Au Grand Palais, « Toulouse-Lautrec- Résolument moderne », un nouveau regard sur l'artiste en 200 œuvres. Au musée de l’Orangerie, un de ses premiers défenseurs, Félix Fénéon, anarchiste, découvreur des néo-impressionnistes, galeriste et collectionneur d'art (« Félix Fénéon-Les temps nouveaux, de Seurat à Matisse »).

Toulouse-Lautrec, « Conquête de passage (Étude pour Elles) », 1896

Toulouse-Lautrec, « Conquête de passage (Étude pour Elles) », 1896
Crédit photo : DANIEL MARTIN

Toulouse-Lautrec (1864-1901) a inventé un style propre à son époque, un réalisme pictural pour ce monde de la nuit qu’il a choisi.

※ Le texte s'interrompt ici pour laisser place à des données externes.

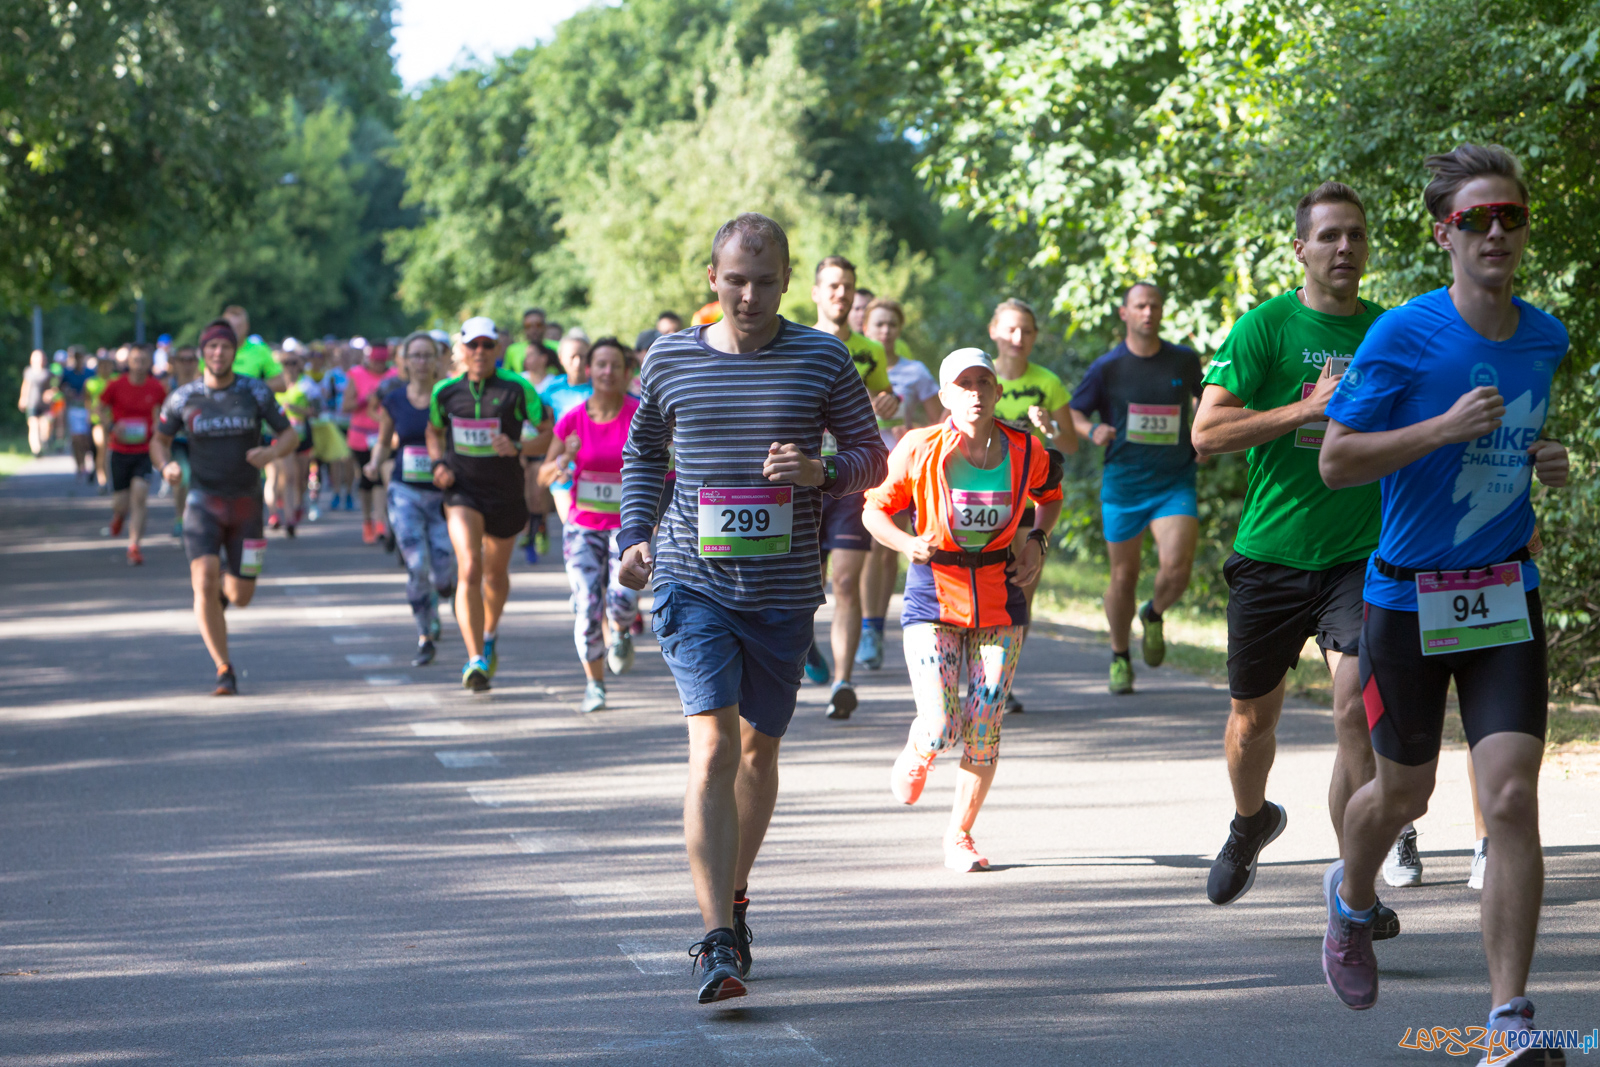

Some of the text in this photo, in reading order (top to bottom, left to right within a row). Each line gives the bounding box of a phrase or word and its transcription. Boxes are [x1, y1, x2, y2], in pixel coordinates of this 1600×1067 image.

Après sa formation aux Beaux-Arts, il s’éloigne du classique et, influencé par les estampes japonaises, la photographie et le cinéma, trouve sa manière pour décrire la temporalité de l’époque avec l’art du cabaret. Ses scènes sont réalisées à partir de dessins pris sur le vif. Il travaille souvent sur du carton avec des rayures et hachures, montre le mouvement, use des éclairages contemporains.

Il invente aussi l’art de l’affiche et Aristide Bruant, propriétaire du Moulin Rouge ne s’y trompe pas. Placardées dans les rues, elles lui font une grande publicité. La Goulue y dévoile ses dessous et ses « coups de cul », l’éclairage électrique dramatise les scènes et les visages, les courbes de la composition dynamisent l’ensemble. Yvette Guilbert, dont il réalise des portraits très expressionnistes, refuse ses affiches, car elle veut aller dans des salles plus convenables – Freud, lors de son séjour à Paris chez Charcot, aurait été amoureux d’elle. Et quand il représente Loïe Fuller dans ses voiles, on la voit danser littéralement. Pour exposer, il choisit l’avant-garde à Bruxelles avec le salon des XX et Londres.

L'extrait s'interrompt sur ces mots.